The story of Million Live isn’t just that they are the sub-brand of IDOLM@STER that carries the torch of 765PRO ALLSTARS, but that it is a refreshing of the IDOLM@STER franchise with some of the top seiyuu performers of that generation. That generation is now 11+ years into its existence. Everyone has been through a lot. If I had time maybe I can dig into each one of them, including the two new ones that joined the team half way. Long story short, their success as individuals, or lack there of, speaks volumes to the “refresh rate” or how hard it is to make it as a seiyuu idol in this day and age.

The result of 10 years of hard work is this extremely emotional but also extremely fun, awesome, and fulfilling two-day concert. Unlike what happened during 4th Live, which is the accumulation of promises and wishes, Act-4 of 10th Tour is the result after fulfilling those things. Or at least partly.

  • We now have an anime
  • We have had more concerts where 765AS sang with the Million (Hotchpotch…and Hotchpotch 2 on the horizon)

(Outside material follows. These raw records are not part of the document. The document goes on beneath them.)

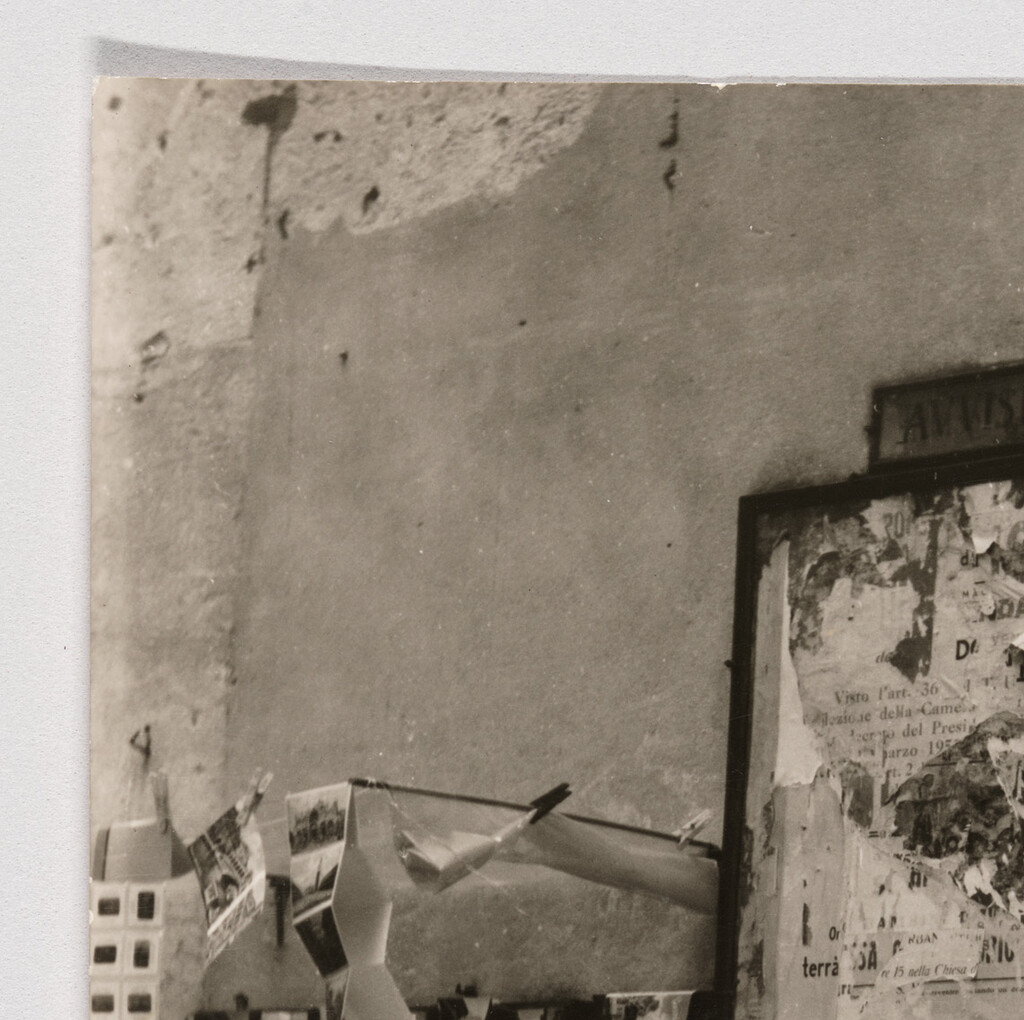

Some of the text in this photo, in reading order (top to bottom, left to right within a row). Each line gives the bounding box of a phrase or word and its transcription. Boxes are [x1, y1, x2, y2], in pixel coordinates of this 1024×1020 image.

[920, 682, 938, 698] 36
[880, 704, 912, 721] della
[901, 722, 923, 738] del
[802, 955, 840, 978] terrà
[908, 965, 932, 978] nella
[934, 963, 968, 978] Chiesa
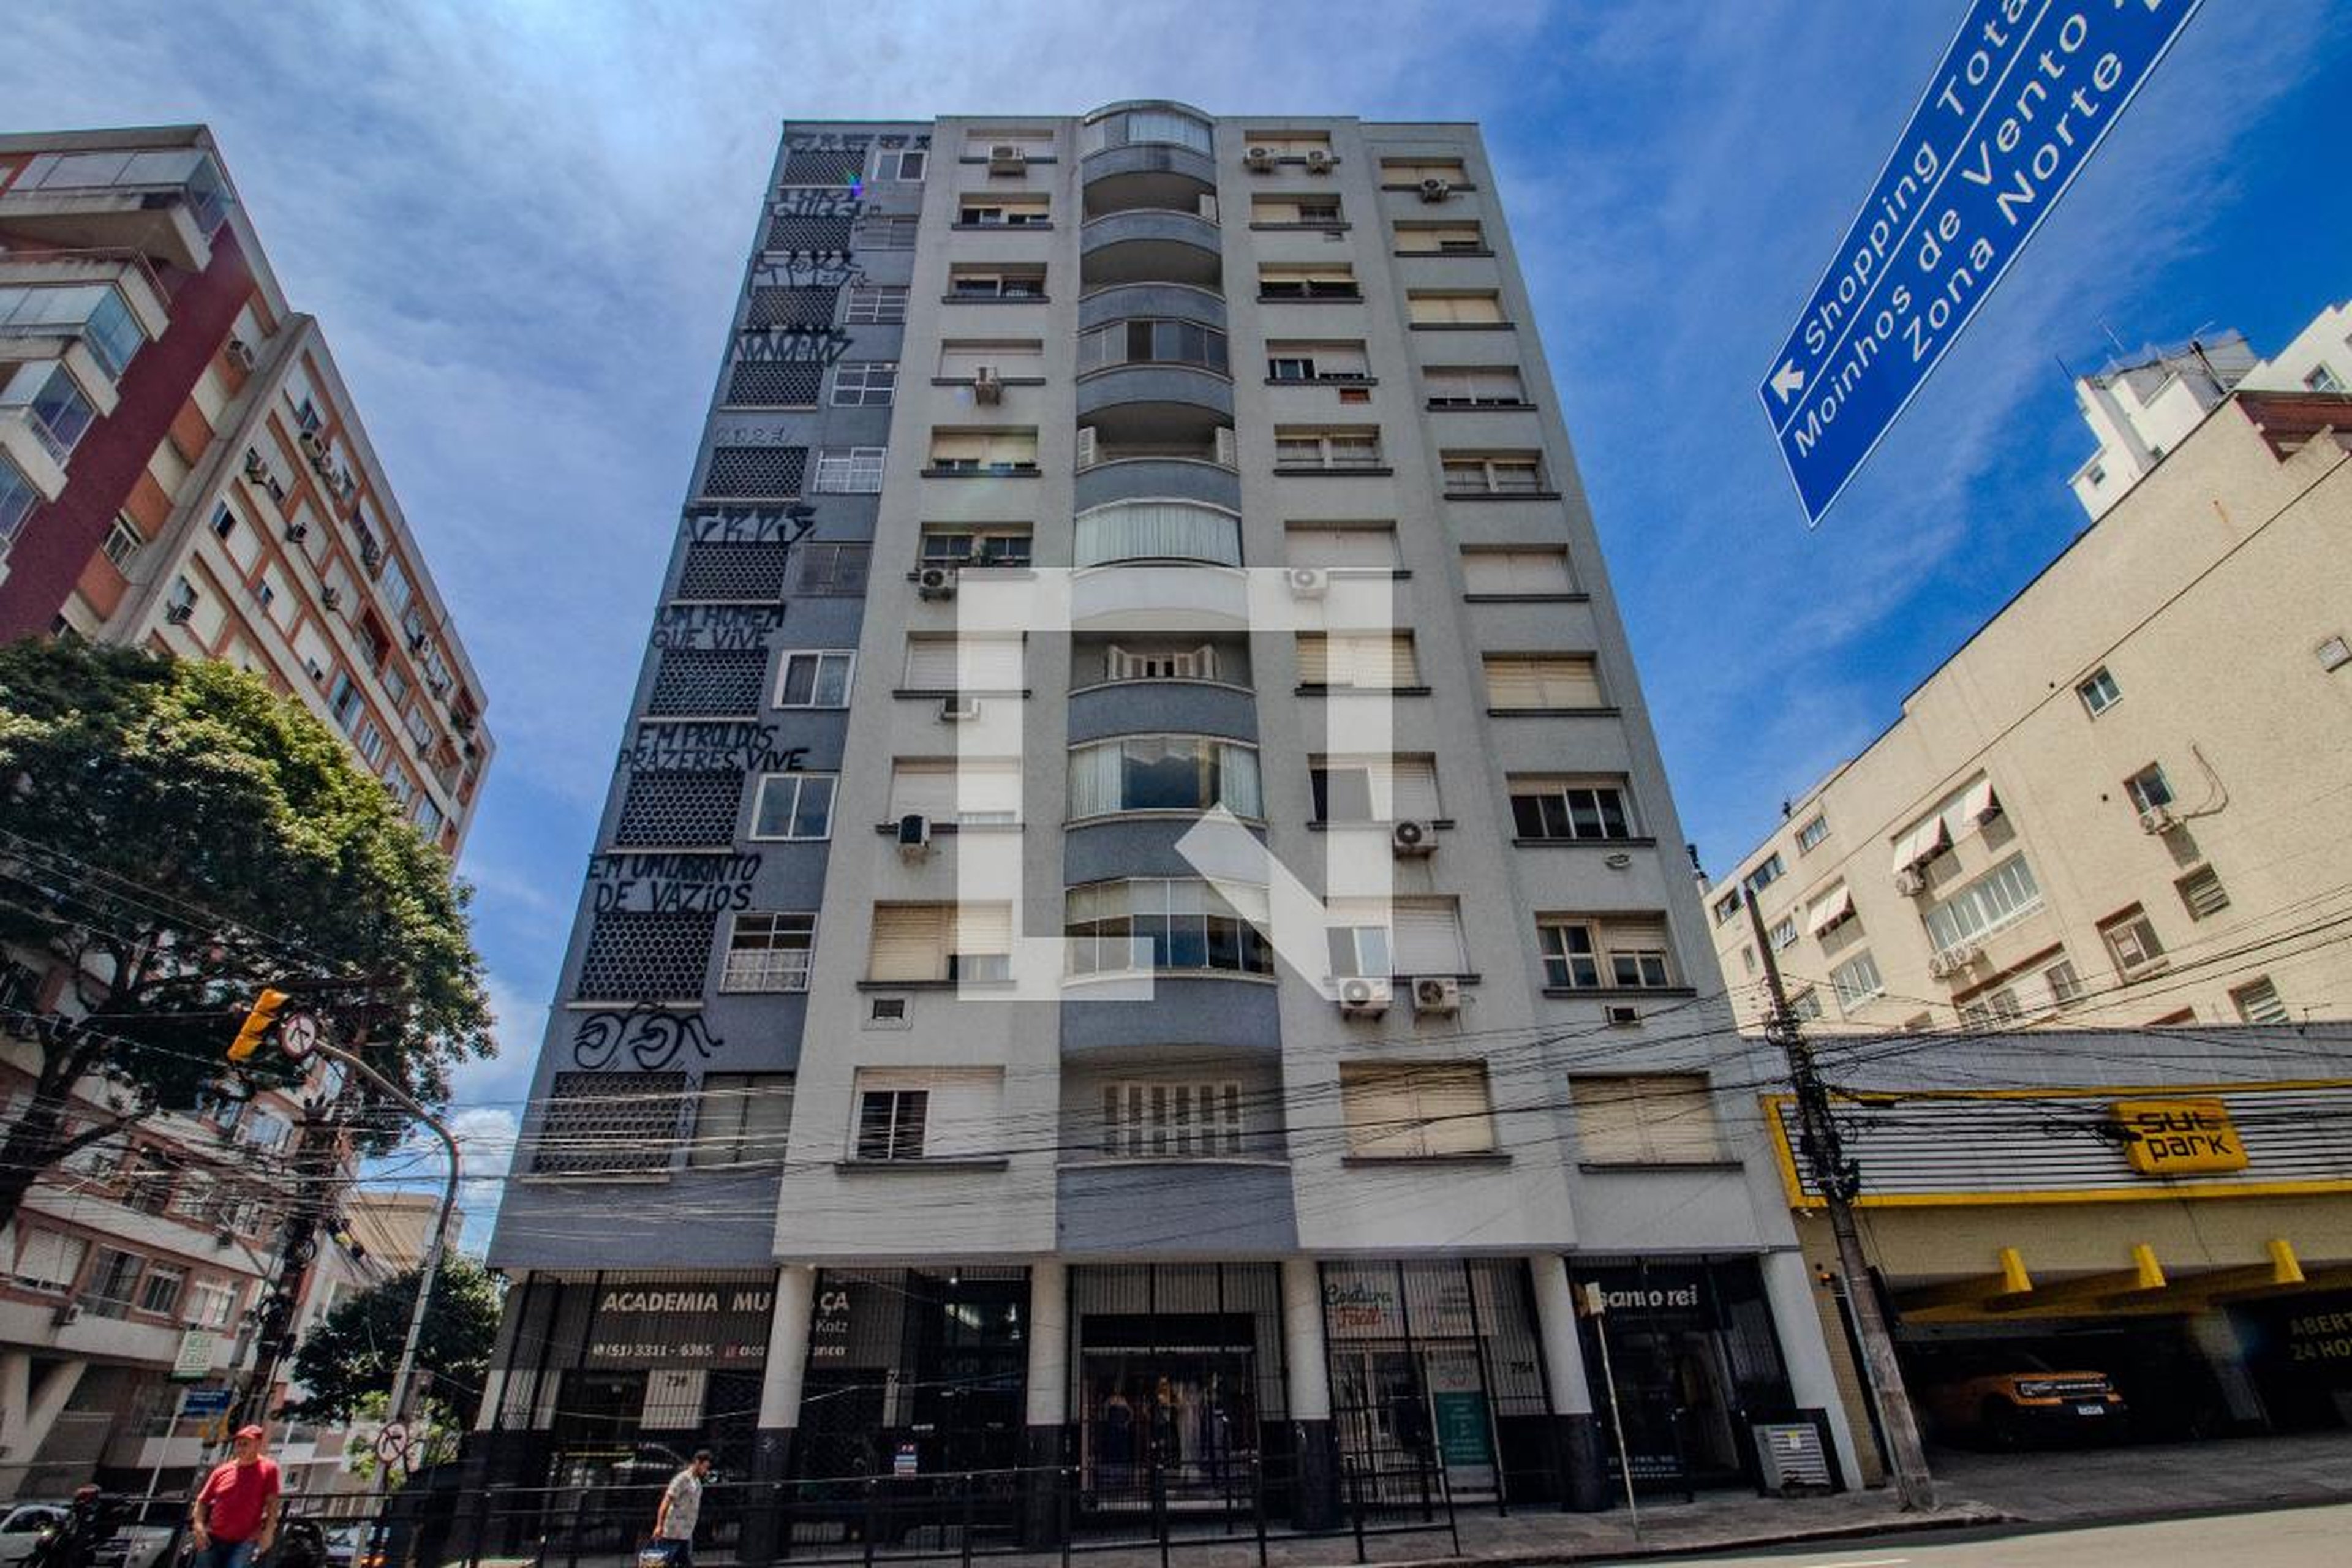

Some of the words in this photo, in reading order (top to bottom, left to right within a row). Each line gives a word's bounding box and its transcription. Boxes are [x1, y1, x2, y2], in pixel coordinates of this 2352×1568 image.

[1903, 238, 1995, 363] Zona
[1997, 52, 2122, 226] Norte
[1795, 288, 1912, 458] Moinhos
[1918, 209, 1961, 273] de
[1962, 13, 2087, 189] Vento
[1805, 142, 1939, 356] Shopping
[652, 629, 703, 649] QUE
[635, 723, 679, 751] EM
[588, 854, 624, 880] EM
[594, 881, 636, 912] DE
[2146, 1132, 2233, 1163] park
[600, 1292, 719, 1312] ACADEMIA

I literally left 4th with big-time brain fog, but I left act4 with clarity of mind and purpose. So much have changed. Kokkochan’s chant to summon Hoshii Miki may have summoned something else, perhaps more delicious. Anyways, Act-4 was the true real Million Live anniversary decennial! Or rather, Acts 1-4 all together? But this was the one.

I have more thoughts than time to write them down cohesively, so this is more a recap than a review post… I think Kasshi did a great job with GenP on the second day so please watch that, and day1’s recap.